Johan dan kedua anak buahnya hanya bisa berpelukan, di fikiran mereka terbersit masa-masa indah ketika mereka masih menjadi anak baik-baik sampai menjadi begundal sekolah, bahkan sekilas Johan berdoa kepada tuhan, agar terhindar dari malapetaka ini akan tetapi mau dikata apa nasi sudah menjadi lontong, naga betina di depan mereka sudah menyeringai dengan buasnya.
Renvil berjalan menjauhi tembok belakang sekolah, sayup-sayup ia mendengar teriakan minta tolong dari Johan dan anak buahnya, Renvil sedikit bergidik, ia jadi teringat siksa kubur, ia berlari kecil menuju gerbang sekolah untuk pulang ke rumahnya dengan damai sentosa.
Bersambung..
-TRIINGGG...!-
-TRIINGGG...!-
Bel sekolah berdering dengan kencangnya, tanda masa belajar sekolah telah usai, murid-murid pun berhamburan keluar dari kelas menuju pintu gerbang, di kelas 1-A Renvil bersiap merapihkan peralatan belajarnya.
"Din kamu langsung pulang?" tanya Renvil ke sahabatnya Udin.
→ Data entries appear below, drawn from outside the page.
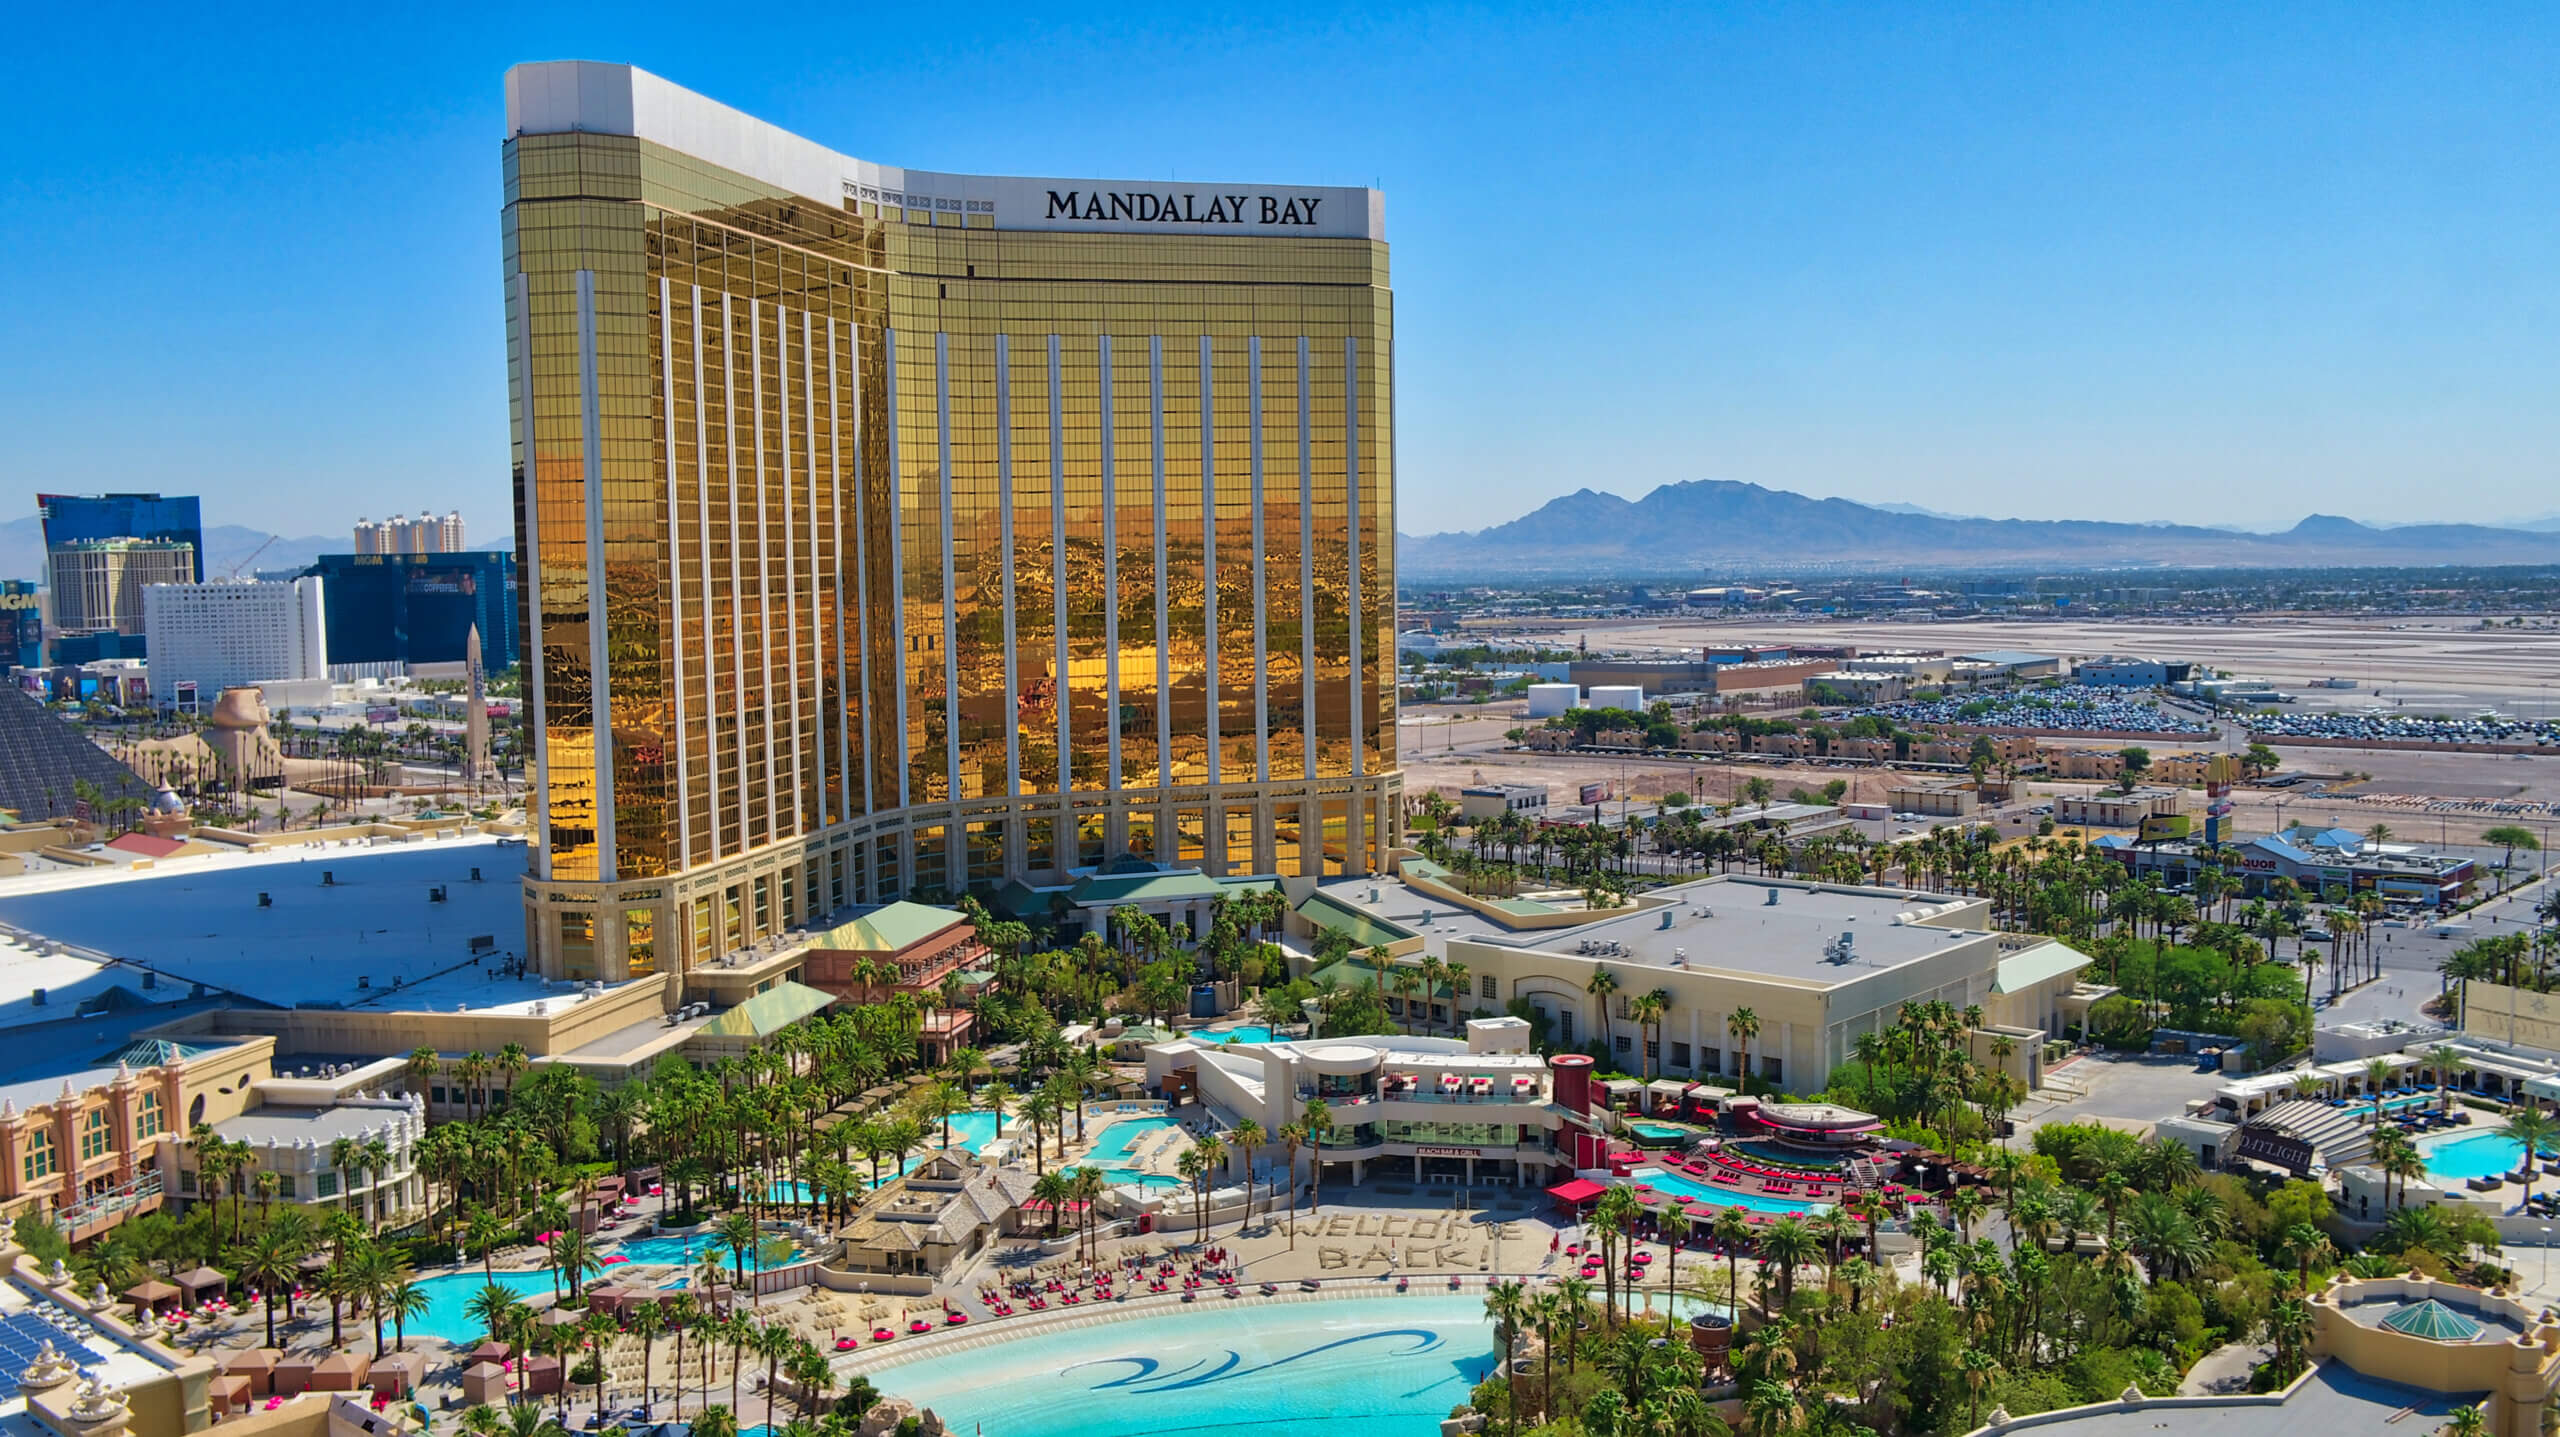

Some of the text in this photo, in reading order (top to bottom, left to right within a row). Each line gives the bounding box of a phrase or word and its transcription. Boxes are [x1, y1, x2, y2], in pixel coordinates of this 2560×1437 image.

[1045, 191, 1322, 225] MANDALAY BAY
[2240, 1135, 2310, 1166] DAYLIGHT
[1274, 1210, 1523, 1241] WELCOME
[1318, 1244, 1490, 1271] BACK!
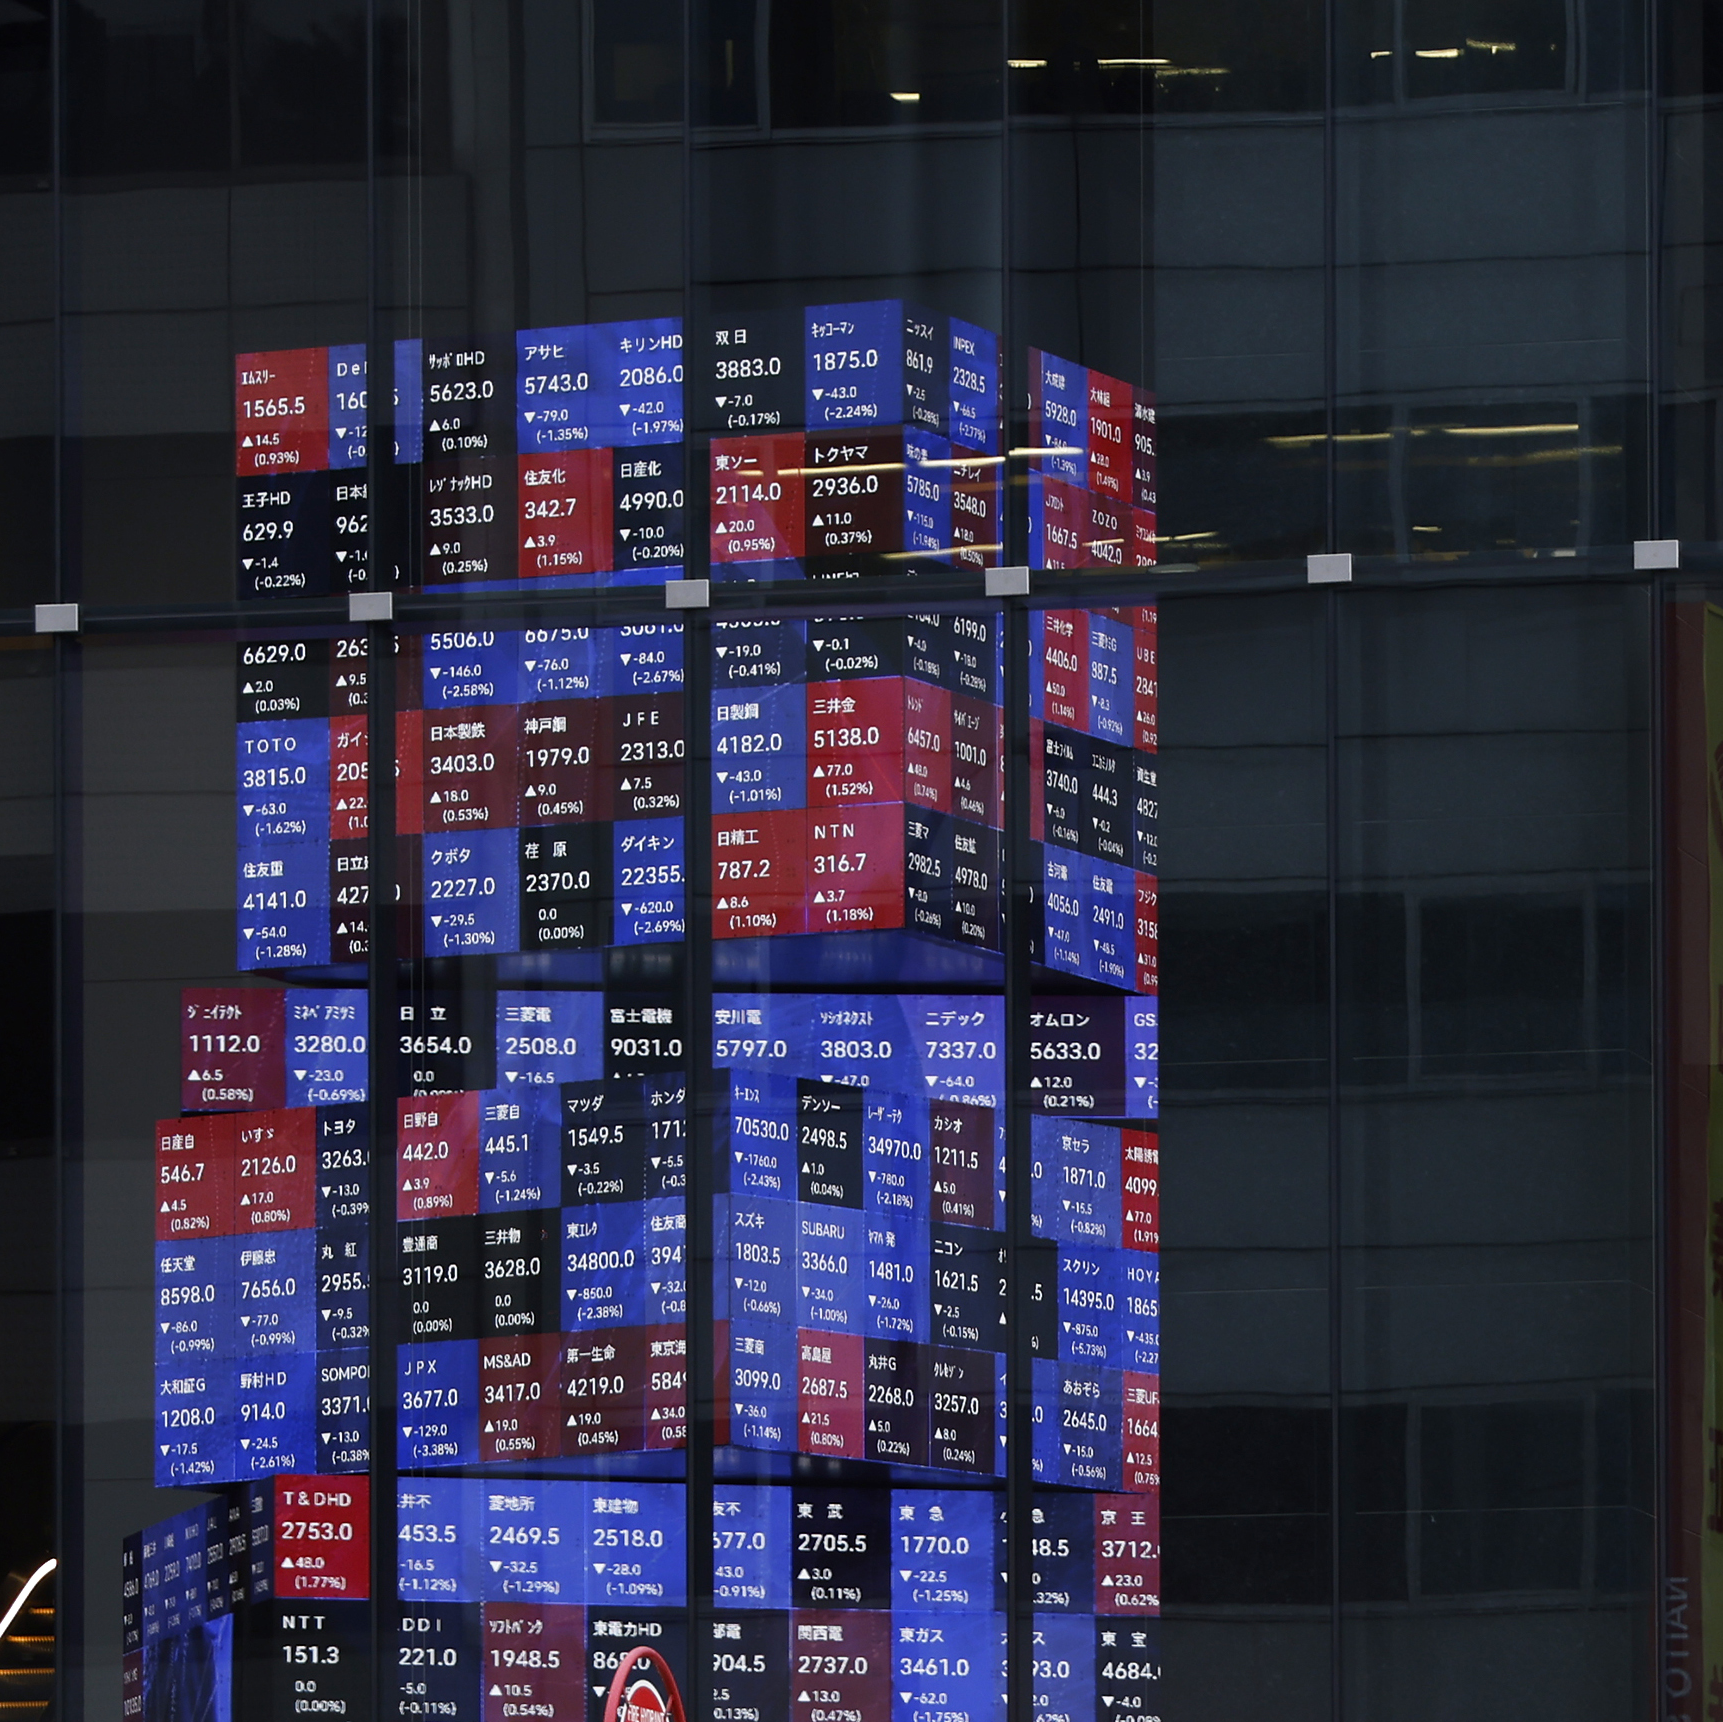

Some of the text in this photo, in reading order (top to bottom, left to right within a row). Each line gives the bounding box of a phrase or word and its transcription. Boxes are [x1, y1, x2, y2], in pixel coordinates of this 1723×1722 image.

[715, 356, 781, 380] 3883.0
[813, 348, 879, 371] 1875.0
[524, 372, 589, 395] 5743.0
[619, 364, 684, 387] 2086.0
[429, 380, 494, 403] 5623.0
[243, 396, 306, 419] 1565.5
[824, 403, 878, 422] (-2.24%)
[727, 410, 781, 429] (-0.17%)
[536, 426, 589, 445] (-1.35%)
[254, 449, 300, 468] (0.93%)
[715, 482, 782, 505] 2114.0
[812, 474, 879, 498] 2936.0
[430, 504, 495, 527] 3533.0
[524, 497, 577, 520] 342.7
[242, 520, 294, 542] 629.9
[825, 529, 873, 547] (0.37%)
[727, 536, 776, 555] (0.95%)
[536, 550, 583, 569] (1.15%)
[243, 643, 306, 665] 6629.0
[716, 733, 783, 755] 4182.0
[813, 726, 880, 749] 5138.0
[526, 746, 590, 768] 1979.0
[620, 739, 685, 762] 2313.0
[430, 752, 495, 775] 3403.0
[243, 766, 306, 788] 3815.0
[729, 786, 782, 805] (-1.01%)
[825, 780, 874, 798] (1.52%)
[442, 806, 489, 824] (0.53%)
[537, 799, 584, 817] (0.45%)
[255, 819, 307, 838] (-1.62%)
[717, 859, 771, 880] 787.2
[813, 852, 867, 874] 316.7
[430, 876, 496, 899] 2227.0
[526, 870, 590, 893] 2370.0
[243, 889, 307, 911] 4141.0
[729, 912, 777, 930] (1.10%)
[826, 906, 874, 924] (1.18%)
[443, 930, 495, 948] (-1.30%)
[538, 924, 584, 942] (0.00%)
[189, 1034, 260, 1053] 1112.0
[399, 1035, 472, 1054] 3654.0
[505, 1036, 577, 1056] 2508.0
[610, 1038, 683, 1057] 9031.0
[715, 1039, 787, 1058] 5797.0
[820, 1040, 892, 1059] 3803.0
[925, 1041, 997, 1060] 7337.0
[1030, 1042, 1101, 1060] 5633.0
[1042, 1094, 1095, 1109] (0.21%)
[484, 1133, 528, 1155] 445.1
[568, 1125, 624, 1147] 1549.5
[801, 1125, 848, 1150] 2498.5
[402, 1141, 449, 1162] 442.0
[934, 1145, 979, 1170] 1211.5
[160, 1162, 205, 1184] 546.7
[241, 1154, 296, 1177] 2126.0
[567, 1249, 635, 1272] 34800.0
[801, 1250, 848, 1275] 3366.0
[402, 1264, 458, 1286] 3119.0
[160, 1284, 215, 1306] 8598.0
[1063, 1287, 1115, 1311] 14395.0
[483, 1352, 531, 1370] MS&AD
[484, 1381, 541, 1404] 3417.0
[802, 1376, 848, 1399] 2687.5
[402, 1388, 458, 1410] 3677.0
[934, 1392, 979, 1415] 3257.0
[161, 1406, 215, 1428] 1208.0
[1063, 1409, 1107, 1432] 2645.0
[281, 1521, 353, 1541] 2753.0
[489, 1525, 560, 1545] 2469.5
[797, 1533, 867, 1553] 2705.5
[900, 1535, 970, 1555] 1770.0
[294, 1574, 347, 1591] (1.77%)
[282, 1645, 340, 1664] 151.3
[490, 1649, 560, 1669] 1948.5
[797, 1655, 868, 1675] 2737.0
[900, 1657, 970, 1677] 3461.0
"Gua paling ke warnet dulu, elu mau ikut enggak?"
"Aku harus jaga ibu, aku duluan ya."
"Yo, hati-hati, salam buat ibu."
Renvil mengangguk sembari tersenyum ke temannya, ia berjalan melewati lorong menuju gerbang bersama murid-murid yang lain, jalannya agak bungkuk dengan kepala tertunduk berusaha menghindari kontak mata dari siapapun yang ditemuinya, sesampai di depan gerbang langkahnya terhenti, Johan dan dua anak buahnya sedang mengintai mencari-cari seseorang, firasat Renvil sangat jelek tentang melewati gerbang kala itu.
"Aku mending lewat pintu belakang yang tadi di lewatin kak Agni sama kak Sinta," gumamnya dalam hati.
Ia pun beranjak menuju belakang gedung sekolah, sangat sepi disini, sudah tidak terlihat murid-murid di sekitar, ia pun menjejalkan tubuh tingginya ke dalam lubang seukuran badan manusia dewasa yang tertutup triplek tipis, ia merangsek hingga keluar di sisi lainnya.
-PRAAK..!-
bunyi patahan kayu bersua.
"Satu lagi Sin..!" pinta Agni.
-PRAAK...!-
"Lagi sin, gua lagi on fire nih..!" tegasnya lagi.
"Yah abis Gi, adanya balok yang ada pakunya, mau?" jawab wanita sintal di depannya.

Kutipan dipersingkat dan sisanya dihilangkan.